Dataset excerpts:

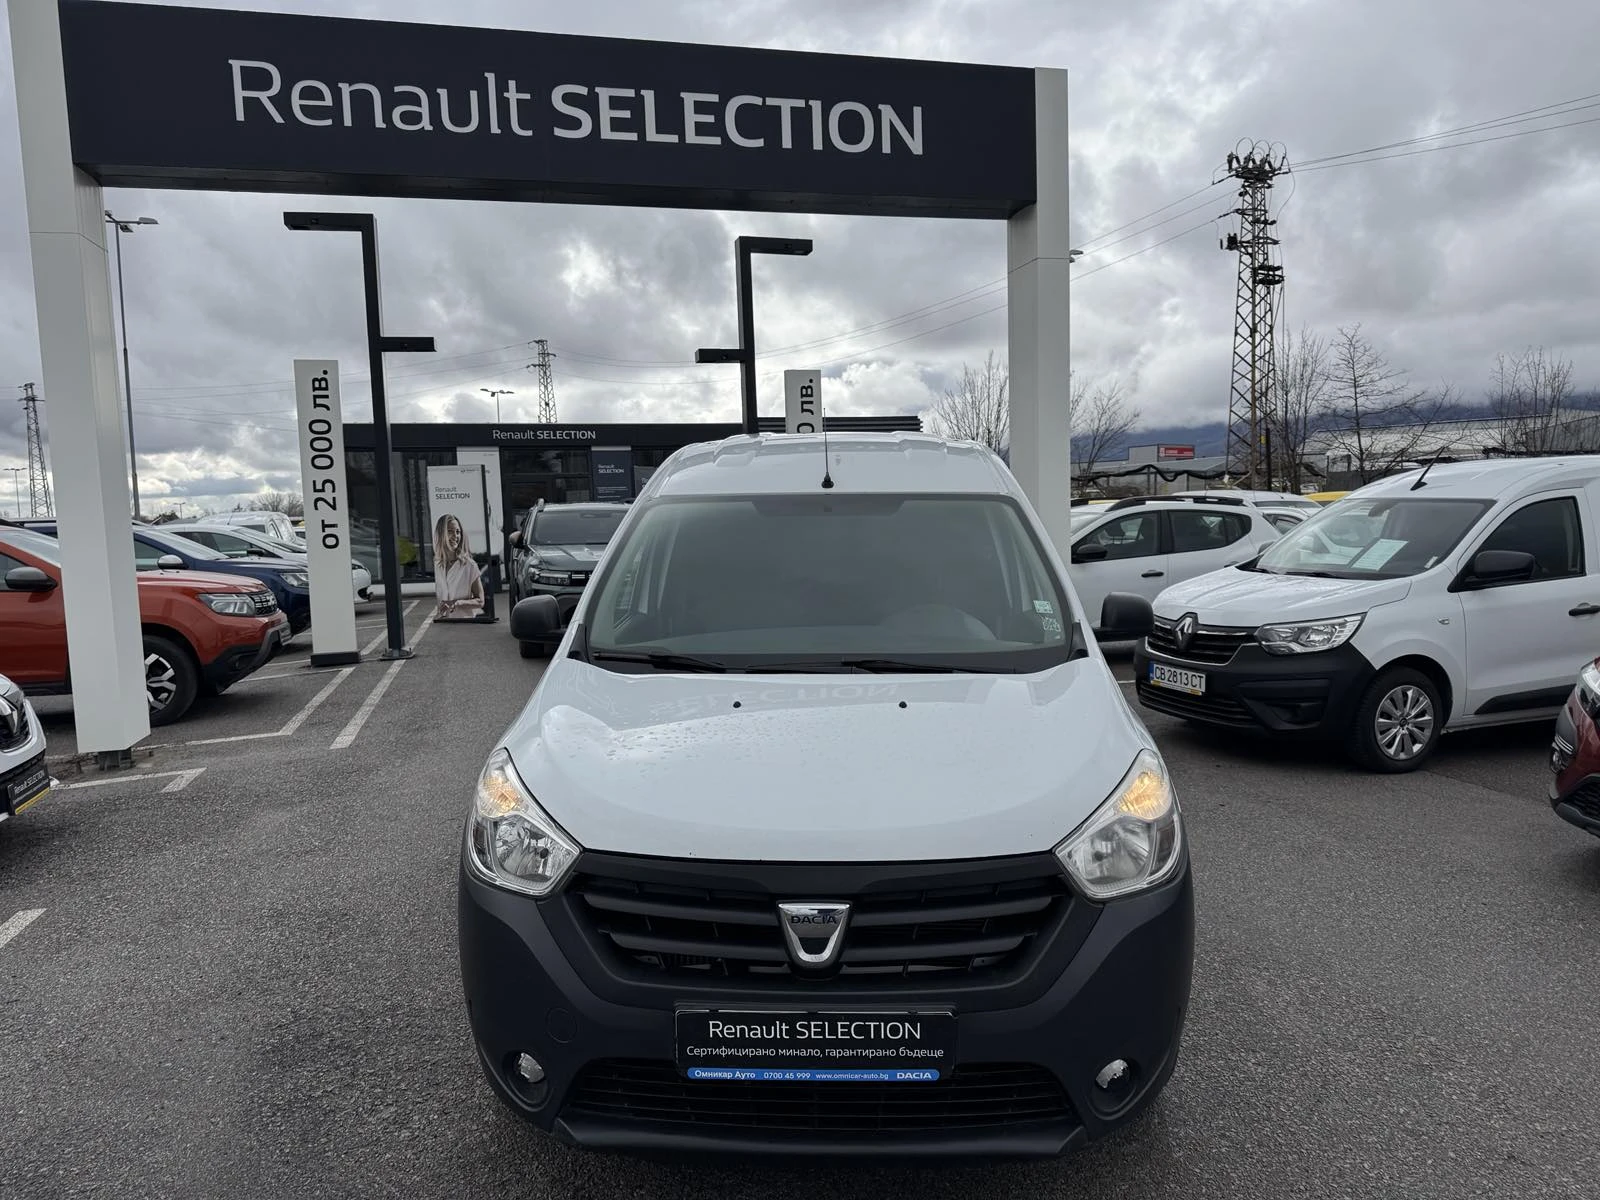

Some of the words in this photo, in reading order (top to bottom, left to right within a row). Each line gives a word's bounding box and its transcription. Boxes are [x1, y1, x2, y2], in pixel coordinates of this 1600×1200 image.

[228, 58, 533, 136] Renault
[551, 84, 924, 155] SELECTION
[311, 369, 331, 411] лв.
[800, 378, 814, 415] лв.
[308, 418, 334, 470] 000
[492, 429, 535, 440] Renault
[536, 430, 596, 440] SELECTION
[312, 478, 337, 511] 25
[435, 492, 471, 500] SELECTION
[321, 519, 340, 549] от
[790, 915, 837, 925] DACIA
[708, 1020, 790, 1039] Renault
[796, 1021, 921, 1040] SELECTION
[686, 1045, 776, 1058] Сертифицирано
[778, 1048, 823, 1058] минало,
[825, 1047, 897, 1059] гарантирано
[898, 1046, 944, 1058] бъдеще
[694, 1070, 733, 1079] Омникар
[734, 1071, 756, 1079] Ауто
[763, 1072, 783, 1080] 0700
[784, 1072, 795, 1080] 45
[796, 1072, 811, 1080] 999
[815, 1072, 889, 1081] www.omnicar-auto.bg
[896, 1072, 932, 1080] DACIA
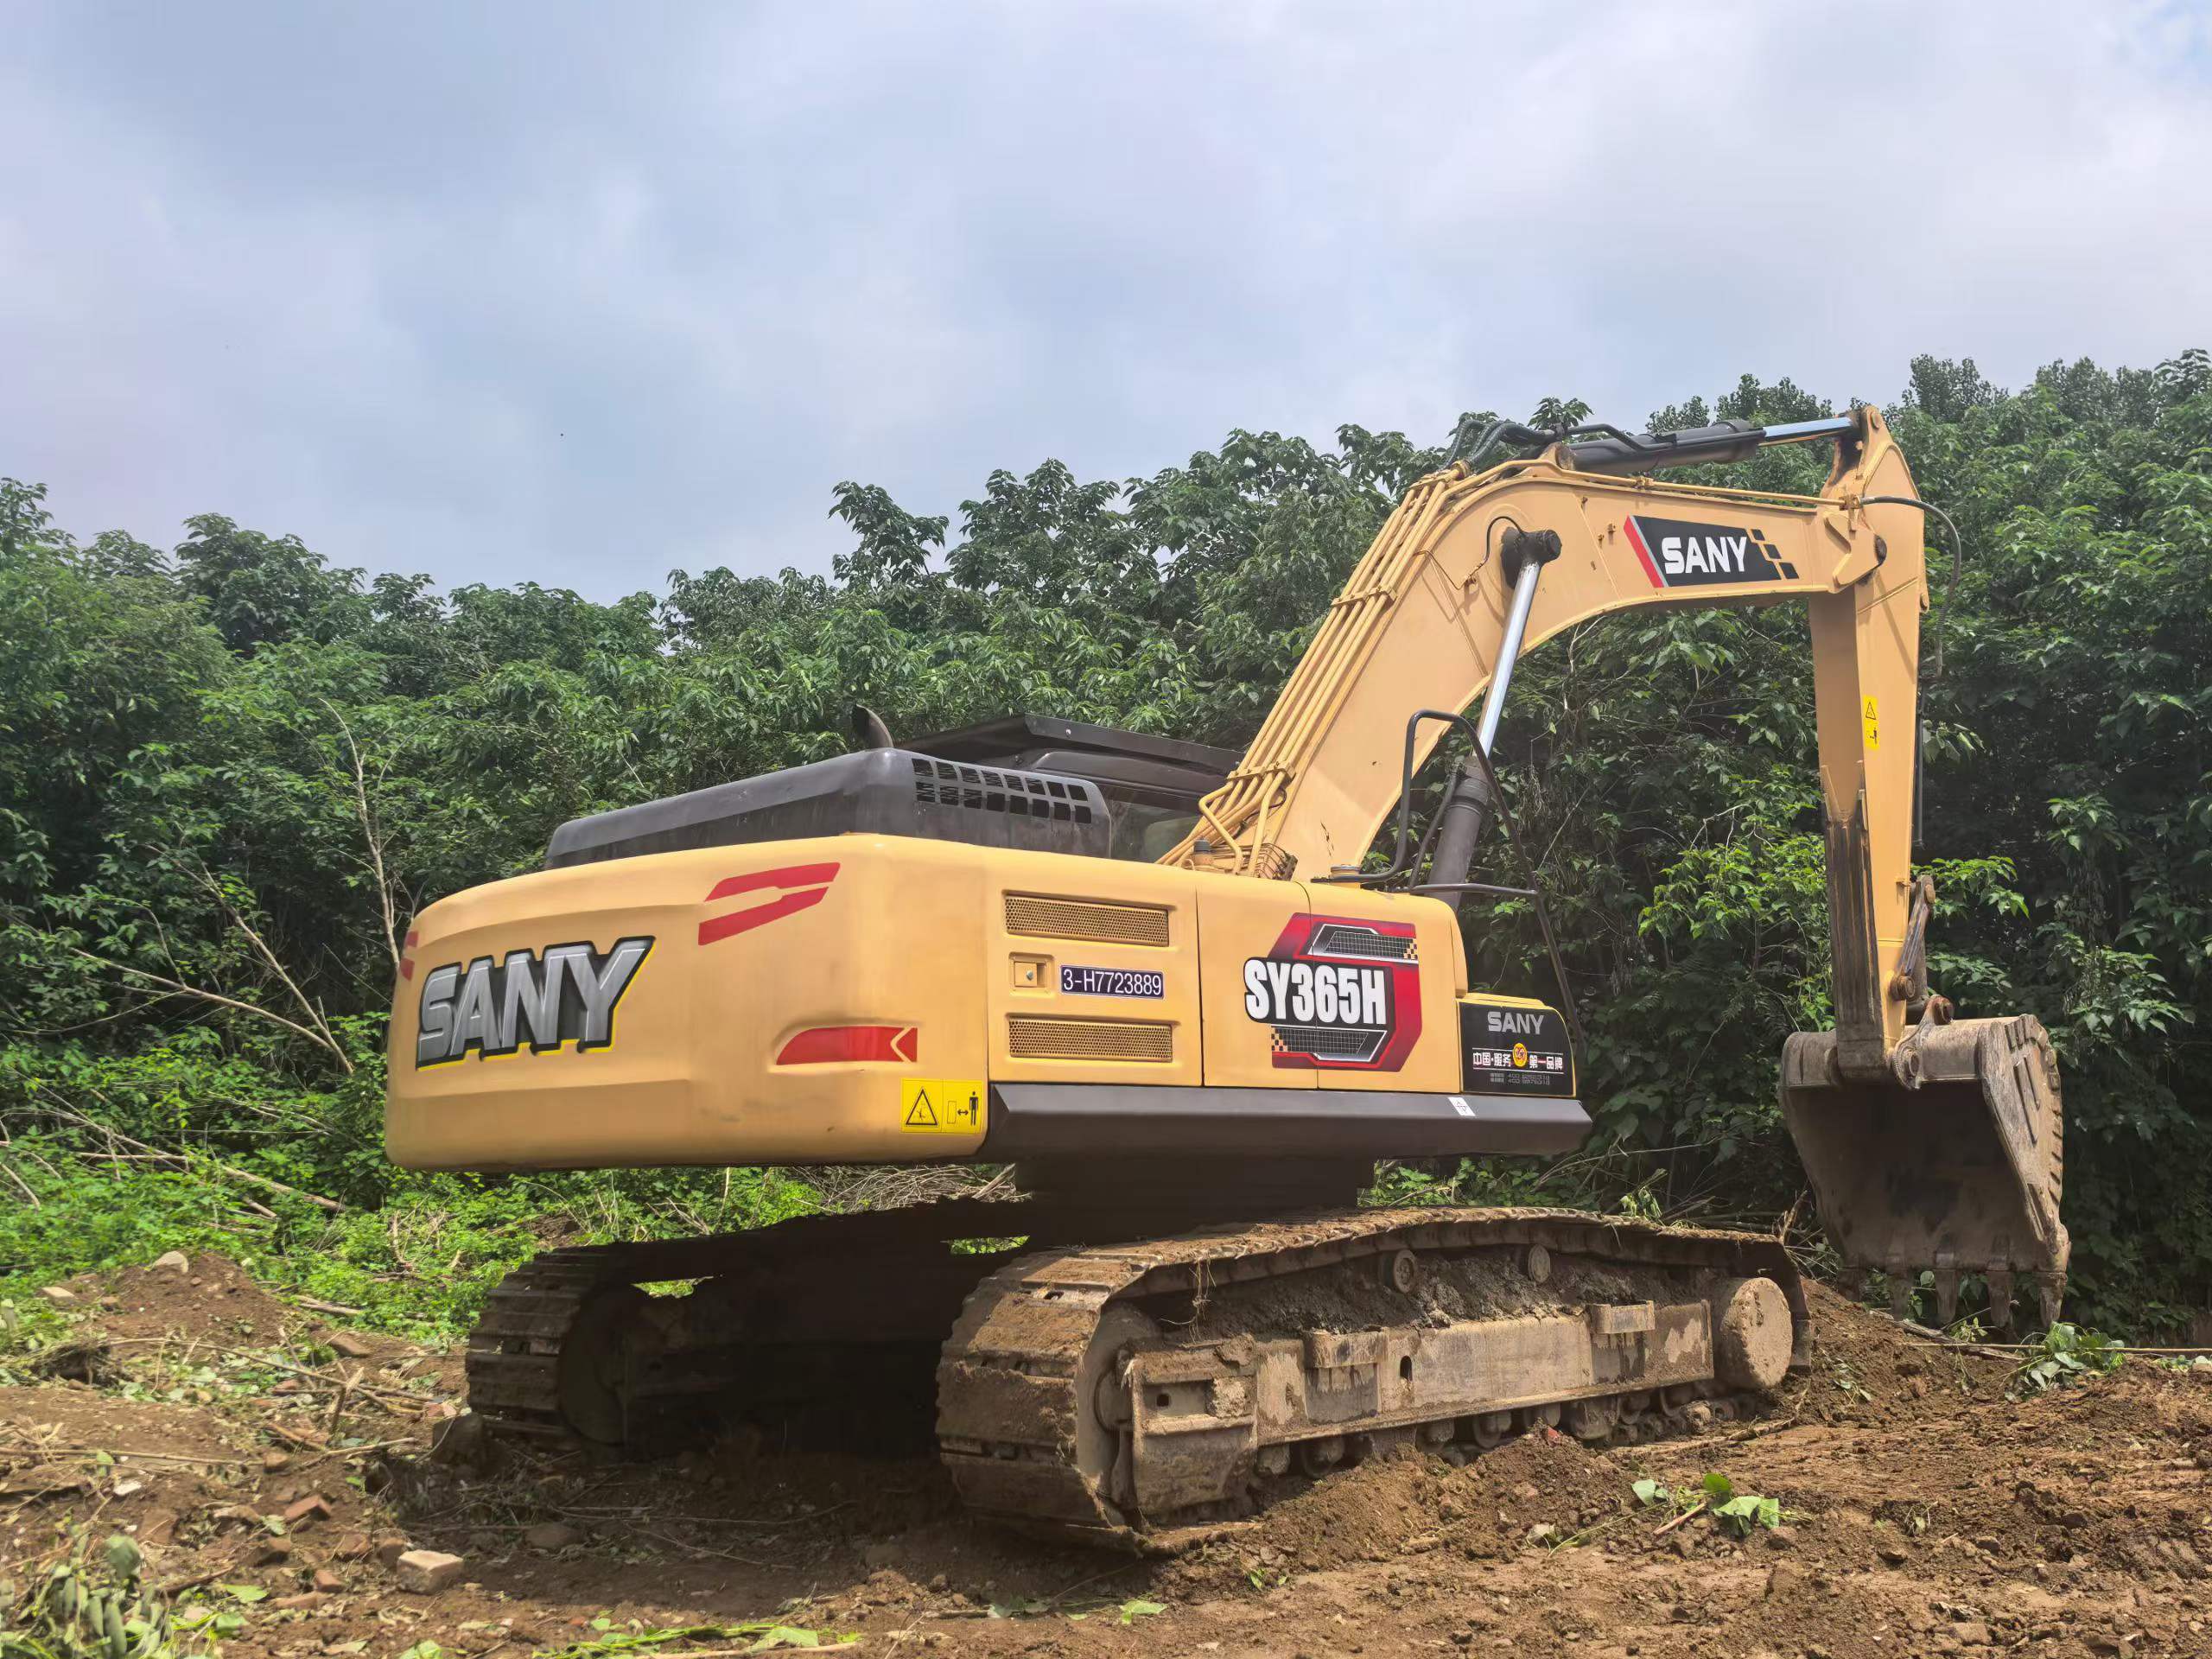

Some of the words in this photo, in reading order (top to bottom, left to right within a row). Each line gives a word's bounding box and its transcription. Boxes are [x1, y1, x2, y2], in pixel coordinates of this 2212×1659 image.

[1662, 536, 1747, 575] SANY
[1063, 968, 1162, 995] 3-H7723889
[1243, 958, 1387, 1025] SY365H
[416, 936, 654, 1069] SANY
[1487, 1011, 1545, 1035] SANY

## Exercise brief
Each record is to be written out exactly. No picture goes in.

## Result below
Some of the words in this photo, in reading order (top to bottom, left to right within a row). Each line gives a word's bounding box and its transcription. Boxes are [x1, y1, x2, y2], in pixel coordinates of this 1600×1200 image.

[228, 58, 533, 136] Renault
[551, 84, 924, 155] SELECTION
[311, 369, 331, 411] лв.
[800, 378, 814, 415] лв.
[308, 418, 334, 470] 000
[492, 429, 535, 440] Renault
[536, 430, 596, 440] SELECTION
[312, 478, 337, 511] 25
[435, 492, 471, 500] SELECTION
[321, 519, 340, 549] от
[790, 915, 837, 925] DACIA
[708, 1020, 790, 1039] Renault
[796, 1021, 921, 1040] SELECTION
[686, 1045, 776, 1058] Сертифицирано
[778, 1048, 823, 1058] минало,
[825, 1047, 897, 1059] гарантирано
[898, 1046, 944, 1058] бъдеще
[694, 1070, 733, 1079] Омникар
[734, 1071, 756, 1079] Ауто
[763, 1072, 783, 1080] 0700
[784, 1072, 795, 1080] 45
[796, 1072, 811, 1080] 999
[815, 1072, 889, 1081] www.omnicar-auto.bg
[896, 1072, 932, 1080] DACIA

Some of the words in this photo, in reading order (top to bottom, left to right within a row). Each line gives a word's bounding box and its transcription. Boxes are [x1, y1, x2, y2], in pixel coordinates of this 2212×1659 image.

[1662, 536, 1747, 575] SANY
[1063, 968, 1162, 995] 3-H7723889
[1243, 958, 1387, 1025] SY365H
[416, 936, 654, 1069] SANY
[1487, 1011, 1545, 1035] SANY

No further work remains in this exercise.